I tilt my head, turning my hands palms up. “Umm, is there something else?”
She slowly shakes her head, pursing her lips. She has decided not to strain her brain, and I’m thankful. I watch her make her way to the door. When she is gone, I shake my head. “There’s no fucking way I’m ever dating anyone from this place,” I say to myself. “I don’t care how fine he is. Besides, most people don’t know what the hell dating means any damn way.”
Now help me understand something. Is it me, or am I the only one who got the memo on dating? I mean, damn! In my opinion, dating means you can go out with Fred on Thursday, go clubbing with Leon on Friday, have drinks and a movie with Stan on Saturday, and fuck all three of ’em on Sunday if you so choose. Not that you have to, or should be expected to. However, if you feel the urge to ride the dick to see what they have to offer, then you do exactly that. Just be responsible. And don’t expect it to be no more than what it was, a fuck.
Unless I’m missing something, dating does not equal relationship. Dating is a filtering, get-to-know-you process. It helps you weed out the men who are full of shit. Dating is asking questions. It’s one big interview, in my opinion. But, of course, no one dates anymore. It’s straight fucking, then right into moving him in. Talk about stupid!
Then when shit starts coming up missing in the house, or he starts staying out late or not coming home at all, or has trouble keeping a job, or wants to lie around the house in his boxers, scratching his balls and playing Xbox all damn day, you want to bitch and complain about it. Uh, duh, dumb ass, that’s what your ass gets when you don’t take the time out to learn a man before jumping straight into a relationship with him. Oh, don’t think that doesn’t go for men too. They get caught up in a big butt and smile attached to some good pussy, then before you know it, they’re complaining about her ass too.

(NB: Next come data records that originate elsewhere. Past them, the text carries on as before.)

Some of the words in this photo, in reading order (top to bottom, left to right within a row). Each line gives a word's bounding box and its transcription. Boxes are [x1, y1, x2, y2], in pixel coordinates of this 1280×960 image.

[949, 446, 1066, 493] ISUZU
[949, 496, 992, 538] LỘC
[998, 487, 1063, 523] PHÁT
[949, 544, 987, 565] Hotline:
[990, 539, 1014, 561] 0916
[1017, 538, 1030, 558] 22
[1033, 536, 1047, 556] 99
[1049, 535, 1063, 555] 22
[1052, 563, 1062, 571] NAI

Whatever! All I know is you get what you get when you don’t take the time to look for what you really want, and don’t ask questions. You know, maybe it’s me. But some of these fucking people today are really pathetic.

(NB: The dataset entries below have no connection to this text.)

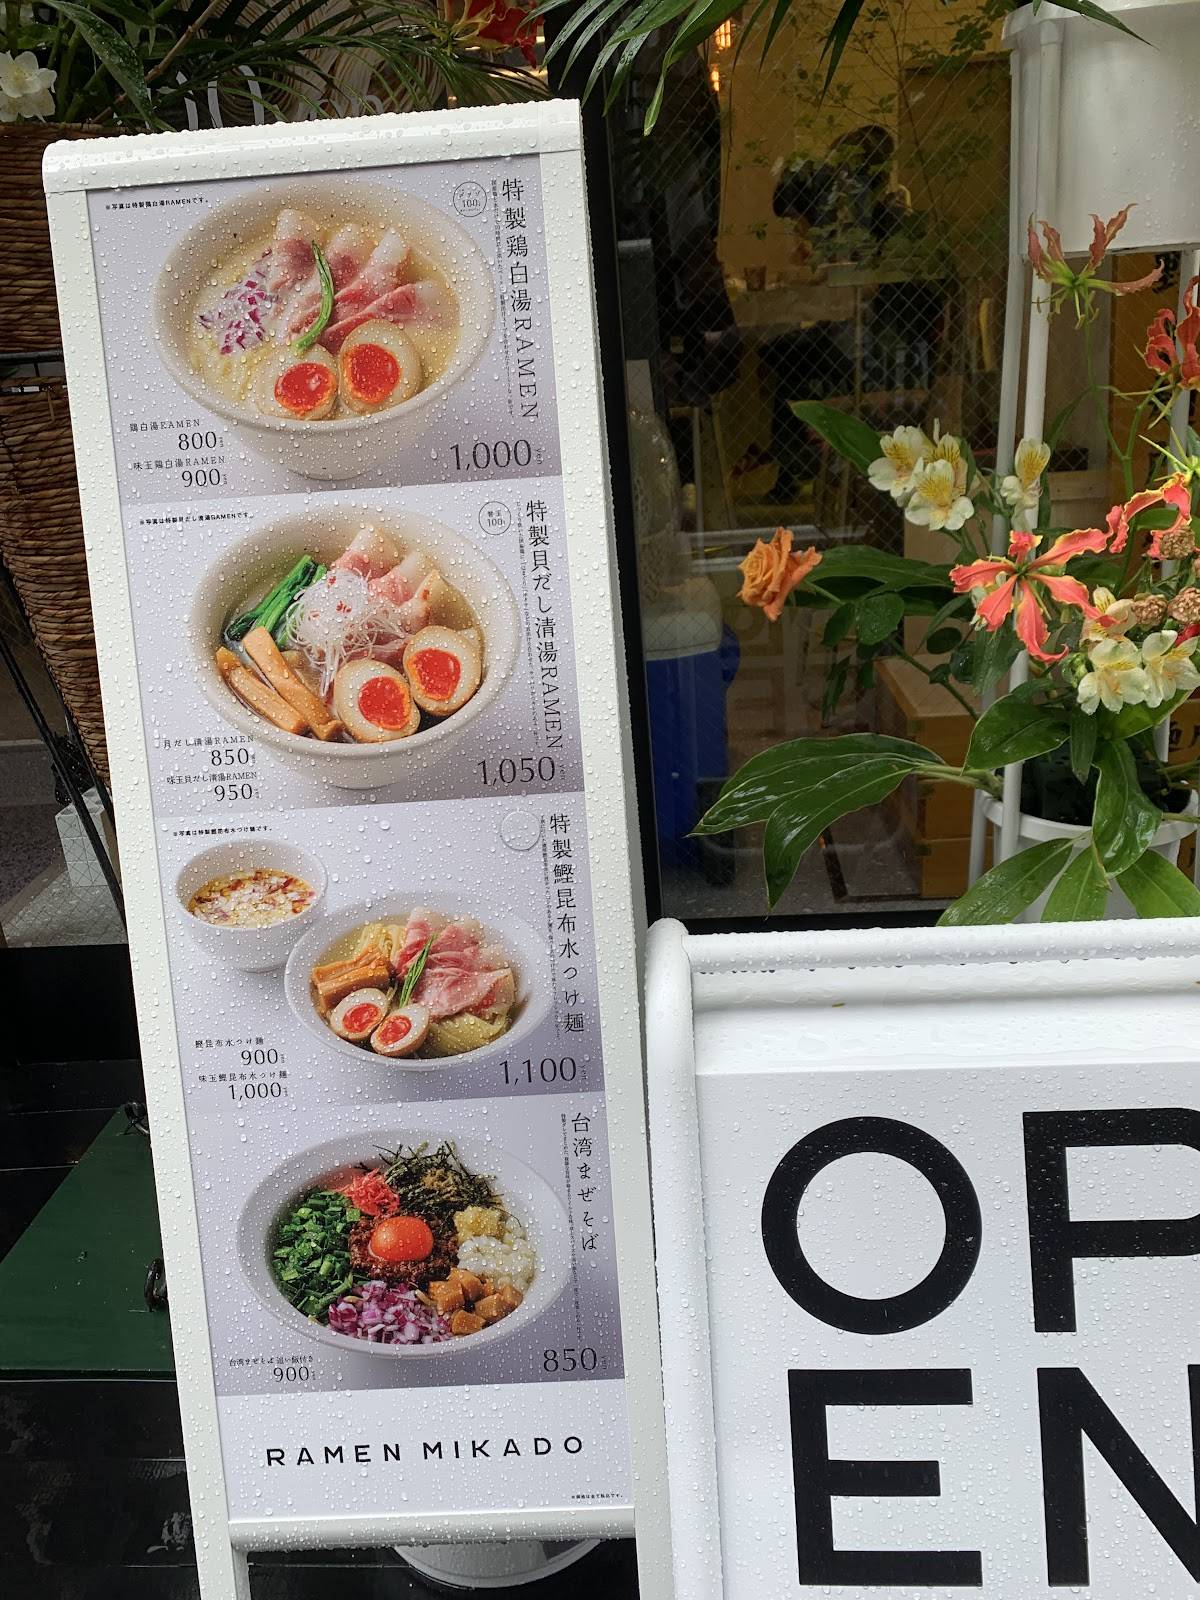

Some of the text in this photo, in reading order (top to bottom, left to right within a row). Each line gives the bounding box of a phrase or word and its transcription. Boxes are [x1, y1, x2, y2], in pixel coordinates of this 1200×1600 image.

[502, 178, 539, 418] 特製鶏白湯RAMEN
[178, 431, 217, 450] 800
[449, 439, 532, 471] 1,000
[181, 468, 221, 488] 900
[526, 499, 564, 750] 特製貝だし清湯RAMEN
[211, 747, 249, 767] 850
[477, 756, 556, 786] 1,050
[214, 783, 253, 802] 950
[549, 813, 585, 1034] 特製鰹昆布水つけ麺
[241, 1048, 278, 1066] 900
[499, 1056, 577, 1086] 1,100
[228, 1082, 282, 1101] 1,000
[571, 1112, 599, 1251] 台湾まぜそば
[761, 1107, 1200, 1336] OP
[273, 1366, 309, 1383] 900
[543, 1347, 598, 1372] 850
[266, 1436, 584, 1467] RAMEN MIKADO
[787, 1364, 1200, 1588] EN

Humph. Well, since I’m already disgusted, I might as well go in for the kill and send out this special public service announcement to these dizzy-ass chicks—better known as the birds—swooping around the room. Listen, sweetie. I hate to be the one to tell you, but most dudes ain’t tryna wife you. They only want to fuck your low-budget ass every which way.
Besides giving you a stiff dick, don’t think he’s really going to lace you with much. He already knows that all he has to do is buy you a bottle of Hennessy, some Alizé, and come through with some smoke (trees, collard greens, or whatever else the pot heads call it) and you’re going to let him smash your insides out all night. And if he’s feeling generous, he’ll hit you with a fresh pair of kicks, or slide you a few dollars to get your hair and nails done. You might even be able to get a few more dollars (a hundred at most) out of him. Yeah, he might even splurge on a standard room at the Hilton or Sheraton for you. Hell, he knows it’s a step up from the Motel 6s and the backseats of cars you’re used to. He knows it doesn’t take much to excite you. You love his company and the fact that someone like him is paying you some attention. He already knows you think he’s the best thing that has ever come your way and that you’re not trying to let him go. He might even tell you he’s “feelin” you. But, you best believe you aren’t ever going to be his main girl, even if he is splashing off raw inside of you. At the end of the day, you just a bird to him. And when he bounces from your nest, he’s shaking off the feathers and going home to his main chick. Believe that!